This illustrates the substantial heterogeneity between groups.

Example: Generic baseline hazard

The following code simulates the same form of data, but this time with a user-specified inverse cumulative hazard function $\Lambda_0(t)$ supplied as an R function.

J <- 100
N <- 40
Lambda_0_inv = function( t, c=0.01, d=4.6 ) ( t^( 1/d ) )/c
beta <- 1.6
p <- c( 0.8, 0.2 )
w_values <- c( 0.8, 1.6 )
cens_perc <- 0.2
data_np <- sim_npdf( J, N, beta, Lambda_0_inv, p, w_values, cens_perc)

And again, the simulated survivor functions can be visualized as follows:

fit1 <- coxph( Surv( time, status ) ~ family, data_np, method = 'breslow')
sfit1 <- survfit(Surv( time, status ) ~ family, data_np) 
lat_pop = rep( 2, J )
lat_pop[ which( data_np$belong[ seq( 1, dim(data_np)[1], N ) ] %in%
                  w_values[2]) ] = 1
plot( sfit1, col = lat_pop, xlab = 'time', ylab = 'Survival probability',
      lwd = 1.5 )
legend( 'bottomleft', paste('Latent population', 1:2), col = 2:1,
        lty = rep(1,2), lwd = 1.5, bty = 'n' )

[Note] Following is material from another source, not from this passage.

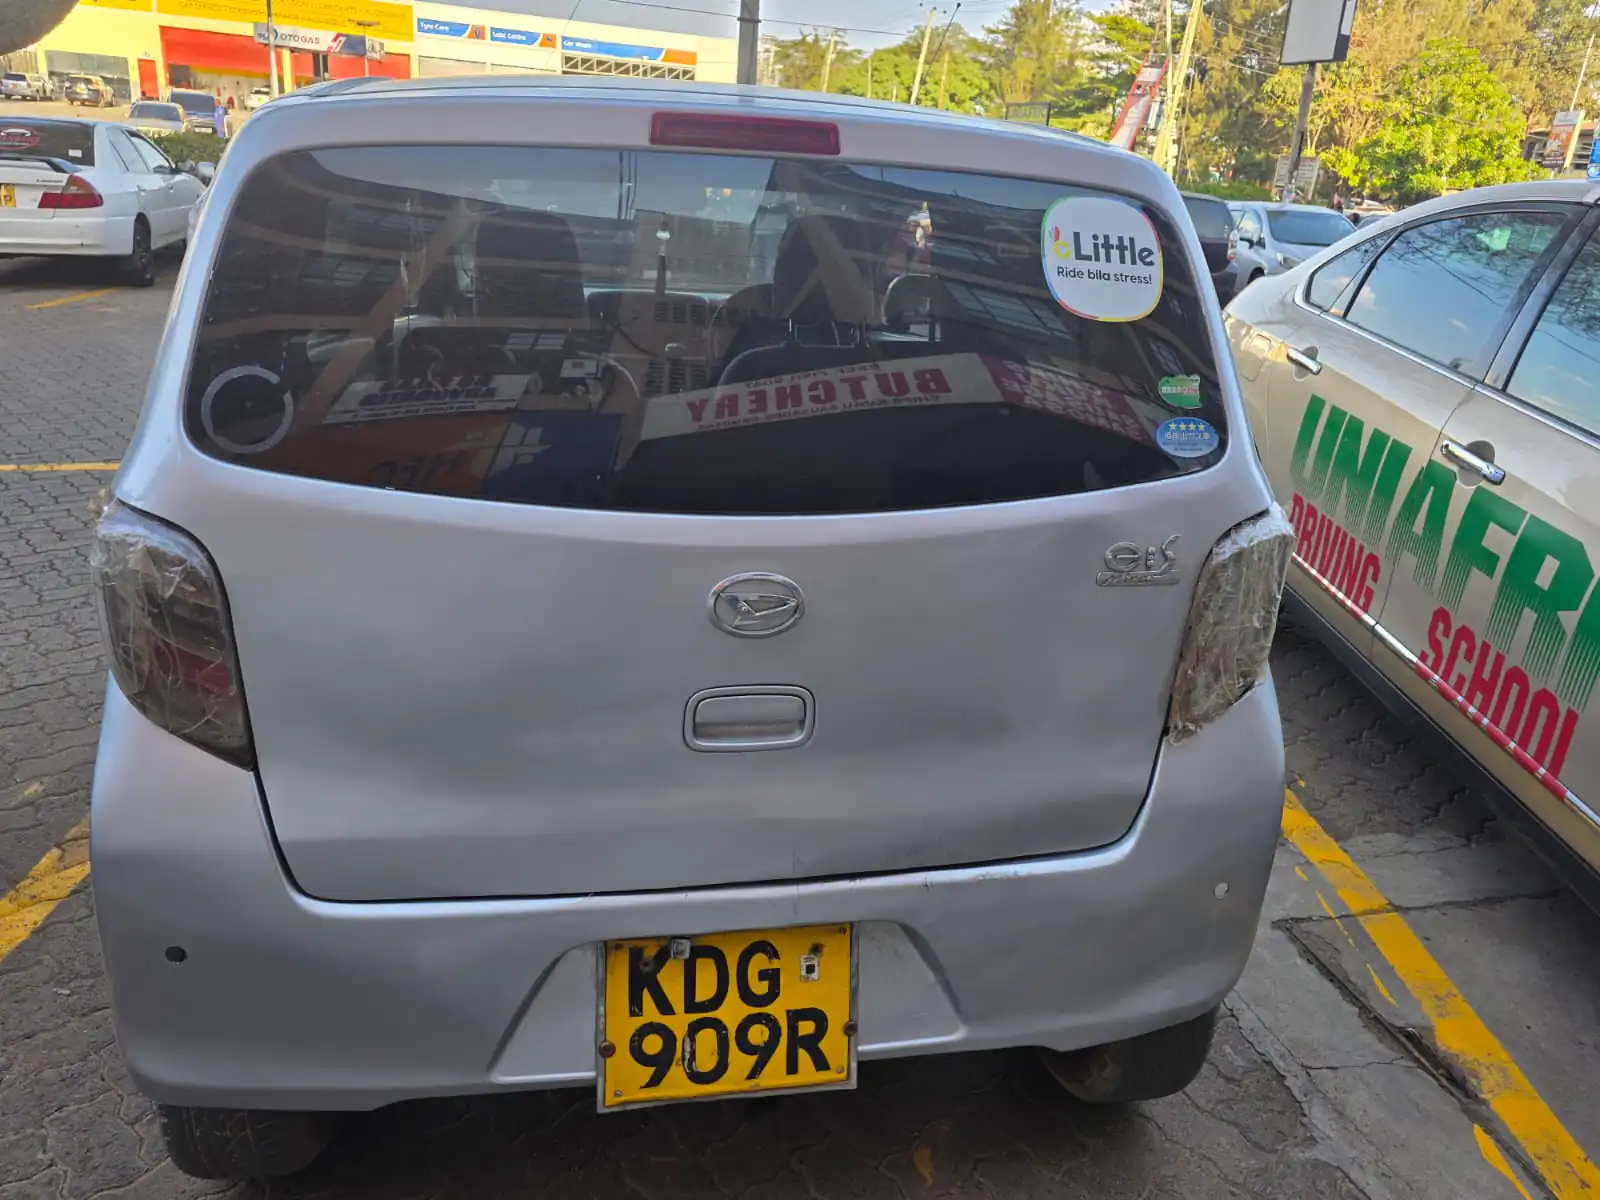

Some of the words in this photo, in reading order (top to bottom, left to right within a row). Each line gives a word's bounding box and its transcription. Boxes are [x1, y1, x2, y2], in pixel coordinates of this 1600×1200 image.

Cox model with a nonparametric discrete frailty

The function npdf_cox can be used to fit the Cox model with nonparametric discrete frailty. This is based on maximum partial likelihood using an EM algorithm -- see Section 3 of @gasperoni2018nonparam. We illustrate the use of this function to fit this model to the dataset data_weib that was previously simulated.

The first argument specifies the outcome as a Surv object, and any covariates, in the standard R formula syntax used by coxph in the standard survival package. Another required argument is groups, which names a variable in the data containing the group membership indicators.

The number of latent populations can be specified in two alternative ways. If npdf_cox is called with estK=FALSE, then one model is fitted with the number of latent populations fixed at the number specified by the K argument to npdf_cox.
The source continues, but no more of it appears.